Let A and B be two sets such that n(A) = 3, n(B) = 2. If (x, 1), (y, 2), (z, 1) are in A × B, find A and B, where x, y and z are distinct elements?

Solution:

Elements x, y, z ∈ A and so A = {x, y, z}.
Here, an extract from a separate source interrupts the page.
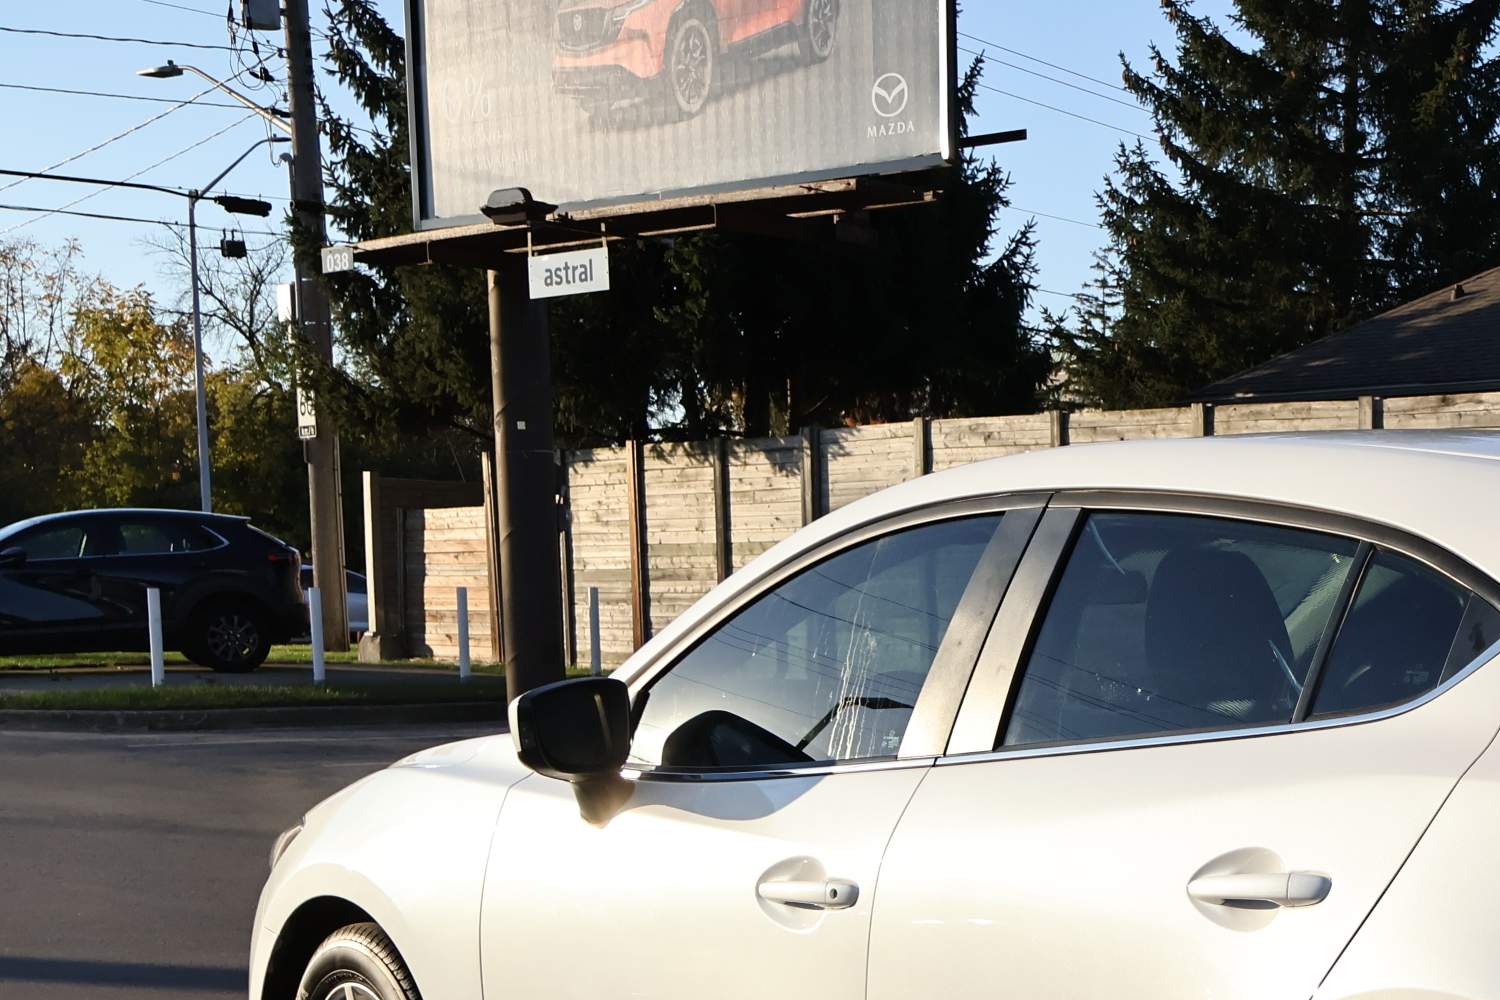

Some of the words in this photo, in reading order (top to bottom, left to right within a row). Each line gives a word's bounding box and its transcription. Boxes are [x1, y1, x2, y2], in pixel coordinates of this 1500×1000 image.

[866, 120, 915, 138] MAZDA
[326, 252, 349, 272] 038
[544, 258, 594, 287] astral
Elements 1, 2 ∈ B and so B = {1, 2}.

Question 10.

The cartesian product A × A has 9 elements among which are found (- 1, 0) and (0, 1). Find the set A and the remaining elements of A × A?

Solution:

(- 1, 0) ∈ A × A. Also, (0, 1) ∈ A × A

⇒ – 1, 0 ∈ A.

Further, (0, 1) ∈ A × A

⇒ 0, 1 ∈ A.

So, A = {- 1, 0, 1).

∴ A × A = {- 1, 0, 1} × {- 1, 0, 1}

= {(- 1, – 1), (- 1, 0), (-1, 1), (0, -1), (0, 0), (0, 1), (1, – 1), (1, 0), (1, 1) which includes (- 1, 0) and (0, 1) both.